Cec, overcome by his unaccustomed eloquence, nodded.

‘Yair, and I reckon we’ve seen him before.’

‘Where?’

‘Might have been in the cab, might have just been on the street — have a feeling that it was somewhere around Lon. or Little Lon. . Cec, does that toffy mug ring a bell?’

‘Nah, mate. You musta been on your pat.’

‘We don’t usually work together, see. Cec has a truck. But she’s laid up with piston trouble so we’re doing a double shift. Nah, I can’t remember. Why do you want to know?’

‘To inform the police, of course,’ stated Dr MacMillan quietly. ‘He must be found and put in jail. If she dies, he is a murderer. Butchers! They batten on the respectability of these stupid girls — it’s always the innocent and deceived that get caught — and they mutilate them, charging ten pounds for the savagery that a cannibal wouldn’t stoop to, and then they dump them like so much garbage to bleed out their lives in the gutter. Nothing is too bad for such men — nothing. If I could but lay a hand on them myself I’d inoculate them with bacteria, and watch how they liked trembling and shrieking their lives away down to an agonising, filthy death.’

‘Not the jacks, though,’ mumbled Bert. ‘Not the cops. .’

‘And why not? You are essential witnesses.’

‘Yair, but Cec and me don’t have no cause to love the jacks.’

‘I am not asking you to love them, nor will they be concerned with your petty crimes. You will come down to Russell Street with me this afternoon and you will tell them everything you know, and I will answer for it that you will walk out again. Do you understand?’

They understood.

At three o’clock in the afternoon, Bert and Cec tailed Dr MacMillan into the police station, under the red brick portal, and came before the desk-sergeant on his high pedestal.

‘I am Dr Elizabeth MacMillan, and I have an appointment to see a Detective-inspector Robinson.’

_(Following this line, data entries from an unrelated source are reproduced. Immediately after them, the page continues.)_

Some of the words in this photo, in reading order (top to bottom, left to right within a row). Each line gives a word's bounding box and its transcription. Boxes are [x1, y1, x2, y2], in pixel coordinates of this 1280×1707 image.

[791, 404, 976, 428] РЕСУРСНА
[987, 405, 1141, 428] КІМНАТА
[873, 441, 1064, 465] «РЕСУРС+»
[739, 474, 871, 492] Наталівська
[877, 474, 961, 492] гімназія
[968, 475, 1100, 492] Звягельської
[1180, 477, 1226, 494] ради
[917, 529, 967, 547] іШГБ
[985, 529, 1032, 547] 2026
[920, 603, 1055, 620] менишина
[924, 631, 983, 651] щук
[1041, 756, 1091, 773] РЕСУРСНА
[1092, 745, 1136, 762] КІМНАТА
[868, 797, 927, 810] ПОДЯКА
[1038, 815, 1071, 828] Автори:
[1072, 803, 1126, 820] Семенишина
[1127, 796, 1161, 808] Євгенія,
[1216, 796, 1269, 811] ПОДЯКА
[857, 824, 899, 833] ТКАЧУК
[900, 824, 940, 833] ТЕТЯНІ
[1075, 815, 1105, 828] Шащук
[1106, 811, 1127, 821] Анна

‘Yes, madam,’ said the desk-sergeant. ‘He’s expecting you. These are your people, sir,’ he added to a soberly dressed young man sitting beside him. They followed him along a corridor and into a small, bleak office painted institution green. It contained a desk, a filing cabinet, and four hard chairs. The cable-car clanged outside. At his signal, they all sat down and there was a moment’s silence while he took down a folio ledger and unscrewed a black fountain pen.

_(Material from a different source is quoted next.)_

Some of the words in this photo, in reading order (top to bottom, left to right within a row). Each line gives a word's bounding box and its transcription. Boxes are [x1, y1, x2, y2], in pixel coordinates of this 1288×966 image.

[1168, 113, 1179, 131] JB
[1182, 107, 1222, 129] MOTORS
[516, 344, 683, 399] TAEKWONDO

‘Your names, please,’ he said in a carefully unmodulated voice. The man was colourless, with mid-brown hair, mid-brown eyes, and nothing noticeable about him at all. They gave their names. When he heard ‘Albert Johnson’ and ‘Cecil Yates’ he grinned.

‘The red-raggers, eh? Still fighting the capitalist menace? Been to Russia yet? With a lot of property reasonably suspec- ted to be unlawfully obtained?’

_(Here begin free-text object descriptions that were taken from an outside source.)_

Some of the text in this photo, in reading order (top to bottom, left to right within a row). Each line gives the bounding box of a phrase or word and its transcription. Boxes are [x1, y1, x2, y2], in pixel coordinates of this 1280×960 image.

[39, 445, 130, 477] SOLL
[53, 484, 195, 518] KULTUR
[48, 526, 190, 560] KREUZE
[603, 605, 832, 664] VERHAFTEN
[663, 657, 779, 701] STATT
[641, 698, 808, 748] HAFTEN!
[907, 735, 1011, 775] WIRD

Cec stared mournfully at Dr MacMillan.

Bert, glaring at the policeman, snarled, ‘Your time will come. Oppressor of the widow and orphan, upholder of the exploiter. .’

‘That will do,’ interposed Dr MacMillan. ‘I spoke to you, officer, if you recall, about these gentlemen. They behaved, in relation to this wretched girl, with notable gallantry and gentleness. I have assured them that they are required only to state what they have observed about this butcher of an abortionist, and I would not be forsworn.’